I am having difficulty in getting hive to discover partitions which are created in HDFS

Here's the directory structure in HDFS

warehouse/database/table_name/A
warehouse/database/table_name/B
warehouse/database/table_name/C
warehouse/database/table_name/D

A,B,C,D being values from a column type

when I create a hive table using the following syntax

CREATE EXTERNAL TABLE IF NOT EXISTS 
table_name(`name` string, `description` string) 
PARTITIONED BY (`type` string) 
ROW FORMAT SERDE 'org.apache.hadoop.hive.ql.io.parquet.serde.ParquetHiveSerDe' 
STORED AS INPUTFORMAT 'org.apache.hadoop.hive.ql.io.parquet.MapredParquetInputFormat' 
OUTPUTFORMAT 'org.apache.hadoop.hive.ql.io.parquet.MapredParquetOutputFormat' 
LOCATION 'hdfs:///tmp/warehouse/database/table_name'

I am unable to see any records when I query the table.
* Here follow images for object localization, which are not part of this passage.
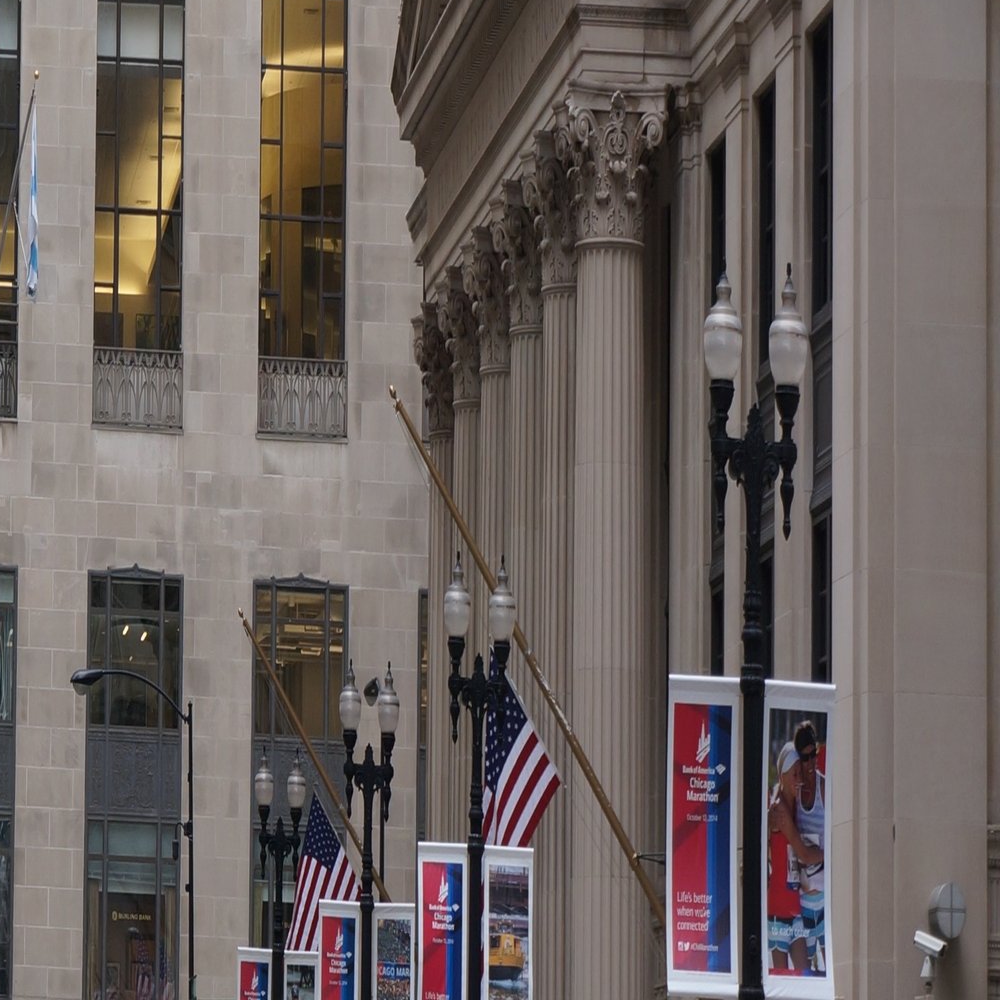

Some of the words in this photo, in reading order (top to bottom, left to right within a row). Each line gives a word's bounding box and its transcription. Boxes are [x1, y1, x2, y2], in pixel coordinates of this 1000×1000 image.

[690, 777, 715, 791] Chicago
[686, 790, 718, 803] Marathon
[677, 891, 692, 903] Life's
[693, 892, 712, 904] better
[677, 906, 693, 917] when
[677, 921, 709, 932] connected
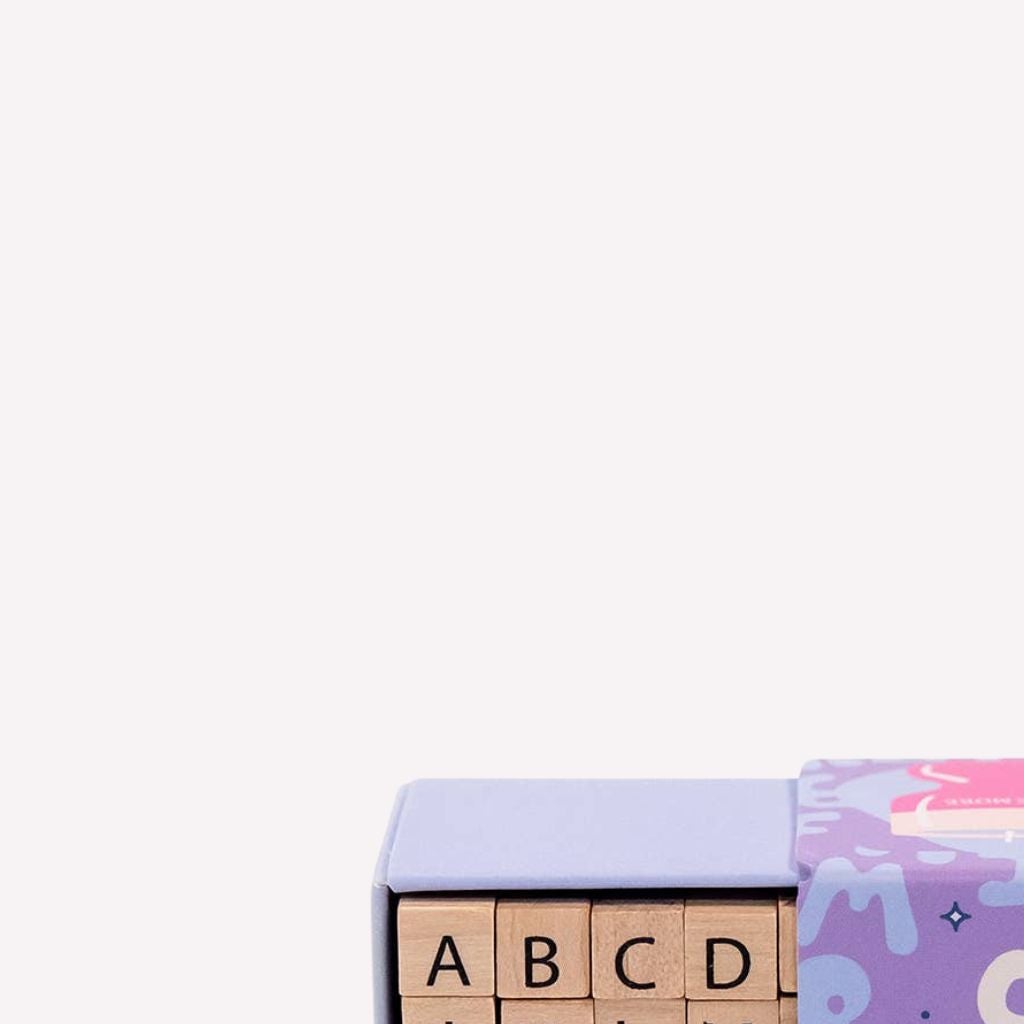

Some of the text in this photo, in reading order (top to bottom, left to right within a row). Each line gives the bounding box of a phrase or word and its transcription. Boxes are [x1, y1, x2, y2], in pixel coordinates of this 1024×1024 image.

[426, 935, 751, 990] A B C D
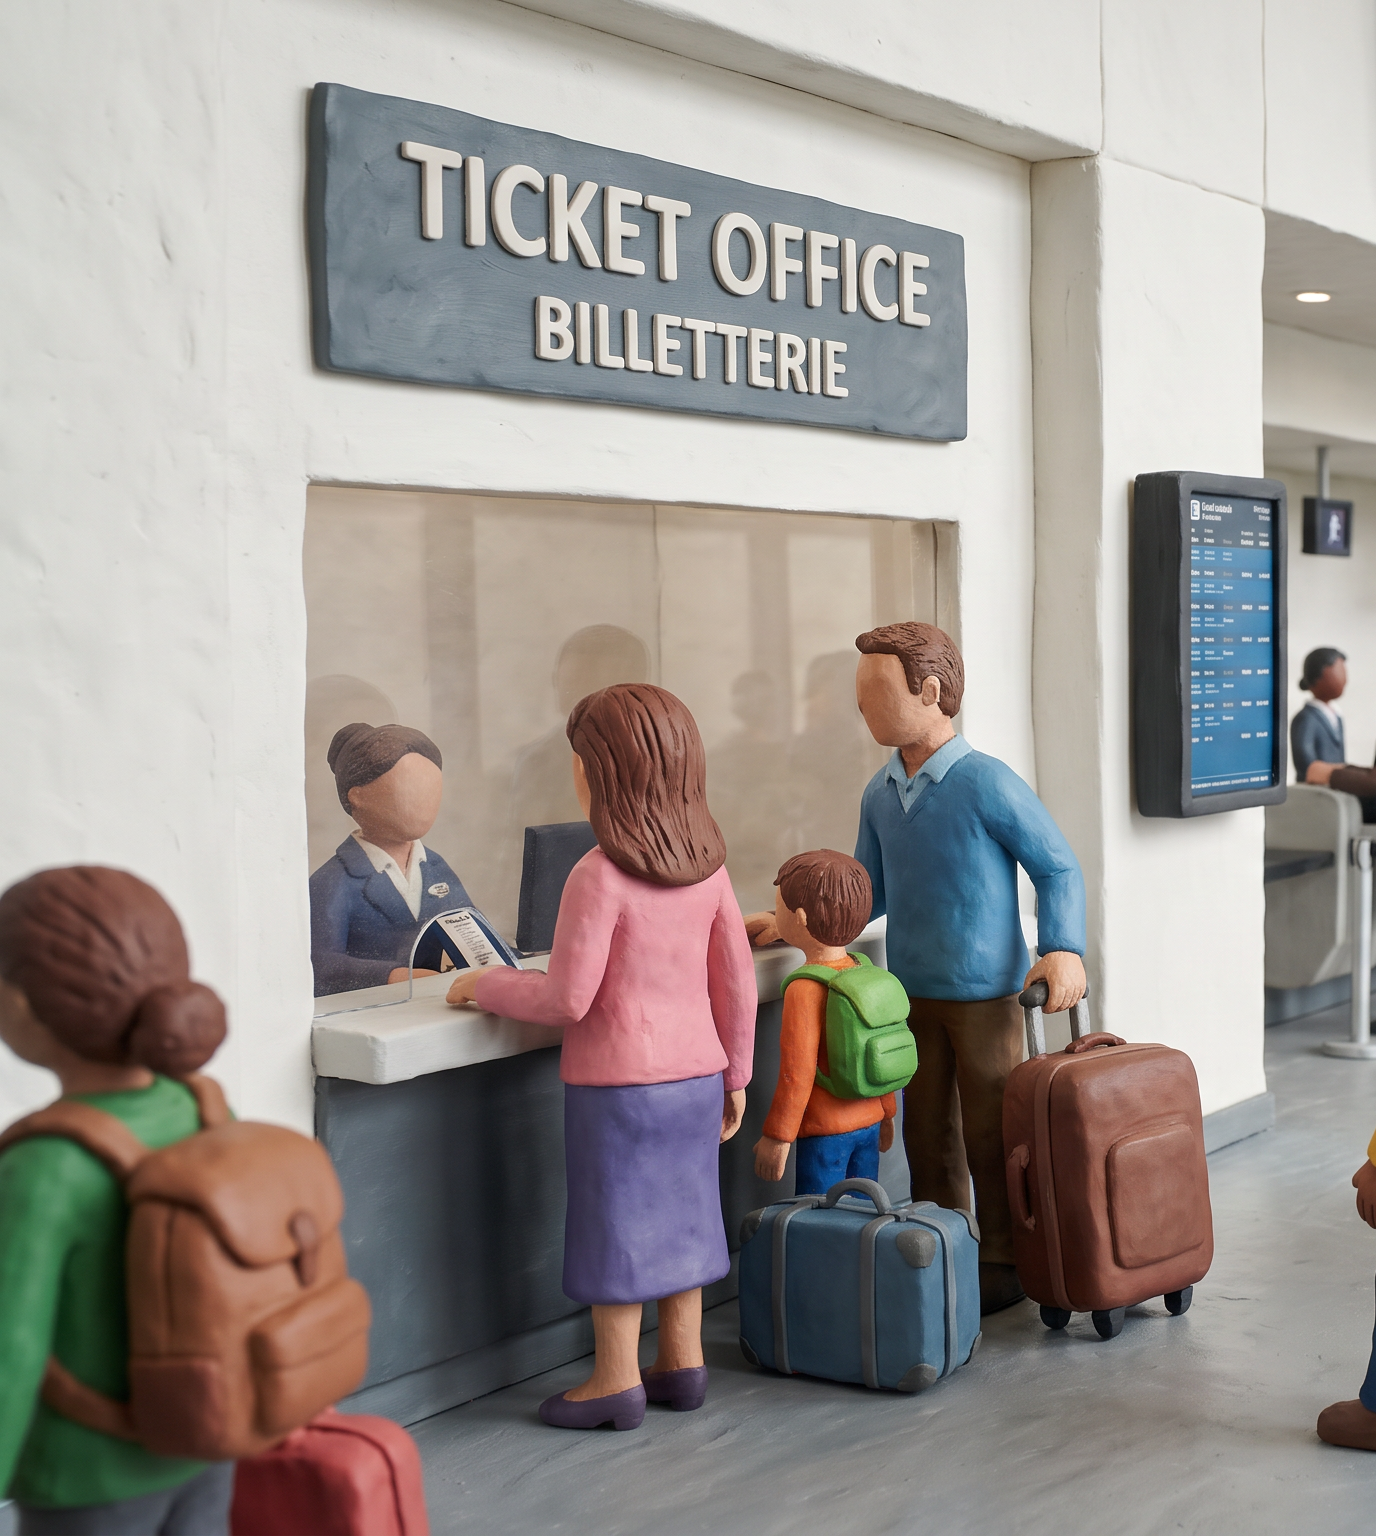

But when I create directories in HDFS as below

warehouse/database/table_name/type=A
warehouse/database/table_name/type=B
warehouse/database/table_name/type=C
warehouse/database/table_name/type=D

It works and discovers partitions when I check using show partitions table_name

Is there some configuration in hive to able to detect dynamic directories as partitions?


Solution

  • Creating external table on top of some directory is not enough, partitions needs to be mounted also. Discover partitions feature added in Hive 4.0.0. Use MSCK REPAIR TABLE for earlier versions:

    MSCK [REPAIR] TABLE table_name [ADD/DROP/SYNC PARTITIONS];
    

    or it's equivalent on EMR:

    ALTER TABLE table_name RECOVER PARTITIONS;
    

    And when you creating dynamic partitions using insert overwrite, partition metadata is being created automatically and partition folders are in the form key=value.